Question au Gouvernement n° 1385 :
réglementation

14e Législature

Question de : M. Gilles Savary
Gironde (9e circonscription) - Socialiste, écologiste et républicain

Question posée en séance, et publiée le 28 novembre 2013


DIRECTIVE EUROPÉENNE SUR LE DÉTACHEMENT DES TRAVAILLEURS

M. le président. La parole est à M. Gilles Savary, pour le groupe socialiste, républicain et citoyen.

M. Gilles Savary. Ma question, à laquelle j'associe ma collègue Chantal Guittet, s'adresse au ministre du travail, de l'emploi, de la formation professionnelle et du dialogue social. Notre Assemblée a adopté à l'unanimité, le 11 juillet 2013, une résolution européenne sur la proposition de directive d'application de la directive dite « détachement des travailleurs », en cours de discussion à Bruxelles. Les travaux que nous avons menés ont mis en évidence l'ampleur des abus du détachement et leurs développements considérables ces dernières années. Depuis 2006, le nombre de travailleurs détachés en France est passé de 38 000 salariés à 144 000 en 2011. Aujourd'hui, entre 220 000 et 300 000 salariés low cost ne sont pas déclarés et ne sont donc pas identifiés par l'inspection du travail.

La France est, de son côté, le deuxième pays « détacheur » d'Europe. Nous envoyons environ 135 000 ouvriers, ingénieurs, commerciaux, en mission temporaire pour représenter nos intérêts économiques en Europe. Ce n'est donc pas le détachement qui est en cause, mais son détournement désormais massif et systématique à des fins d'optimisation et de dumping social, permis par l'absence d'harmonisation sociale européenne. Depuis 1996, date de la directive initiale, ni la Commission, ni la France, n'ont pris la moindre initiative pour prendre la mesure de ce phénomène.

La majorité libérale de l’Union européenne fait aujourd'hui obstacle à un durcissement de la directive. Vous avez adopté, monsieur le ministre, une position très ferme au Conseil qui vous est reprochée, ici ou là, dans les rangs de l'opposition, mais nous vous encourageons, de notre côté, à ne rien lâcher. Après celle du 6 novembre dernier, vous avez fait ce matin en conseil des ministres une communication sur ce dossier particulièrement sensible. Quel est votre état d'esprit à quelques jours du conseil Emploi, politique sociale, santé et consommateurs, dit « EPSCO », quelle position comptez-vous y défendre et quelles hypothèses de travail envisagez-vous pour l'avenir ? (Applaudissements sur les bancs du groupe SRC.)

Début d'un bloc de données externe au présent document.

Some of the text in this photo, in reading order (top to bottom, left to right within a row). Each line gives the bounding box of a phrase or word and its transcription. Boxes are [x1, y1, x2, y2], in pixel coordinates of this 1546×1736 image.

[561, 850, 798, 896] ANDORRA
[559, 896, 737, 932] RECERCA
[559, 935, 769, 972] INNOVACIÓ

M. le président. La parole est à M. le ministre du travail, de l'emploi, de la formation professionnelle et du dialogue social.

M. Michel Sapin, ministre du travail, de l'emploi, de la formation professionnelle et du dialogue social. Monsieur le député, c'est un dossier dont vous connaissez tous les aspects car vous avez pu l'examiner aussi bien en tant que député de la République, ici même, qu'en tant que député européen. En cinq ans, lors de la dernière législature, le nombre de salariés détachés a été multiplié par quatre tandis que les fraudes se multipliaient de manière insupportable, conduisant à des situations humaines inadmissibles, à l'exploitation de salariés venus d'ailleurs dans des conditions qu'aucun d'entre nous ne peut accepter.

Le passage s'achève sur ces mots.